Ce n'est pas que par ses résultats que Sony a fait parler de lui cette semaine au Japon. La marque a aussi fait le bonheur des programmes de TV pour femmes et eu même les honneurs du JT de 21H00 de la chaîne publique NHK pour avoir présenté mardi un service d'analyse de l'épiderme qui permet d'étudier précisément la structure de la peau pour en améliorer les soins. L'ensemble, qui s'appuie sur l'expertise de Sony dans le domaine des capteurs d'images CMOS, sera utilisé dans le cadre de partenariats avec des instituts de beauté, des fabricants de cosmétiques et toute autre société du secteur de la beauté.
« Généralement, les outils d'analyse dermatologique pour les professionnels sont coûteux et encombrants. Quant à ceux plus petits destinés au grand public, ils ont des fonctions très limitées », explique Sony.

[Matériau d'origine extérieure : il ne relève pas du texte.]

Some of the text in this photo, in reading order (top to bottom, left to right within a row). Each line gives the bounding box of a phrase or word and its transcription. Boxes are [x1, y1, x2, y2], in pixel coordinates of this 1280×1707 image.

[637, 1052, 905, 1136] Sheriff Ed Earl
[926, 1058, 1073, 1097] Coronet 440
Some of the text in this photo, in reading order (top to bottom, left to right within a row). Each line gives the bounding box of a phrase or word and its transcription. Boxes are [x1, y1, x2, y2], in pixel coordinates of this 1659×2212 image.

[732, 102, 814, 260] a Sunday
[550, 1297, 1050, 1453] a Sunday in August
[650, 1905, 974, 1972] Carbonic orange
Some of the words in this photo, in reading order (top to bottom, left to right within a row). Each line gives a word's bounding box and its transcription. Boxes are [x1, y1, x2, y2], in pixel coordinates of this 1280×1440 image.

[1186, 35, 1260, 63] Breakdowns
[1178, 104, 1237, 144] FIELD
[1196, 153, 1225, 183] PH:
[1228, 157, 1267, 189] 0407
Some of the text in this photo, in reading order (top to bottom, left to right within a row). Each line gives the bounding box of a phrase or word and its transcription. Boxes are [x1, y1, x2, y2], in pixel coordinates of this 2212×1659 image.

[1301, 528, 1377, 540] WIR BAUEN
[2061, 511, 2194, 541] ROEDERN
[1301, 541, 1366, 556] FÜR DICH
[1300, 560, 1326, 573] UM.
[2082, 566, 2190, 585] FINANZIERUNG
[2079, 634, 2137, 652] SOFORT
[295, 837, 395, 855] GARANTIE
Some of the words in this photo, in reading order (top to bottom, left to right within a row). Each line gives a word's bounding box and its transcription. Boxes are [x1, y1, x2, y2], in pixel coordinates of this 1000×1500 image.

Le système se compose d'un petit appareil appelé "Skin view camera", un peu de la forme d'un rasoir électrique, d'une tablette et d'une application pour smartphone pour la lecture de l'analyse effectuée par un serveur dédié en réseau. La capacité de calcul requise pour les algorithmes spéciaux employés nécessite en effet une machine plus puissante qu'un terminal mobile. Le capteur en lui-même est de type CMOS, une spécialité de Sony qui en produit énormément pour équiper les smartphones de nombreuses marques, dont Apple.
Sony avait en fait présenté la première version de son capteur d'image d'épiderme en décembre 2012, mais à l'époque il n'avait pas conçu tout le dispositif technique et commercial devant permettre d'en exploiter le potentiel. L'ensemble désormais constitué permettra aussi d'accumuler des échantillons qui formeront une précieuse base de données de l'évolution de l'épiderme en fonction de différentes caractéristiques (sexe, âge, etc.).
Sony n'est pas le seul groupe nippon d'électronique à s'intéresser de près à la détection des problèmes de peau, un gigantesque marché potentiel, d'autant que les soins esthétiques ne sont pas réservés aux seules femme. Une proportion croissante d'hommes se soucient de la beauté de leur peau au fur et à mesure que les années passent. Fujitsu avait aussi annoncé il y a plus de deux ans un service pour traquer les taches, pores trop voyants et autres imperfections de l'épiderme grâce à une application pour téléphone mobile. Couplé à d'autres applications (évolution du poids, mesure du stress, exercices physiques, etc.), ce programme d'analyse de peau était aussi censé permettre de donner des conseils pour une meilleure hygiène de vie.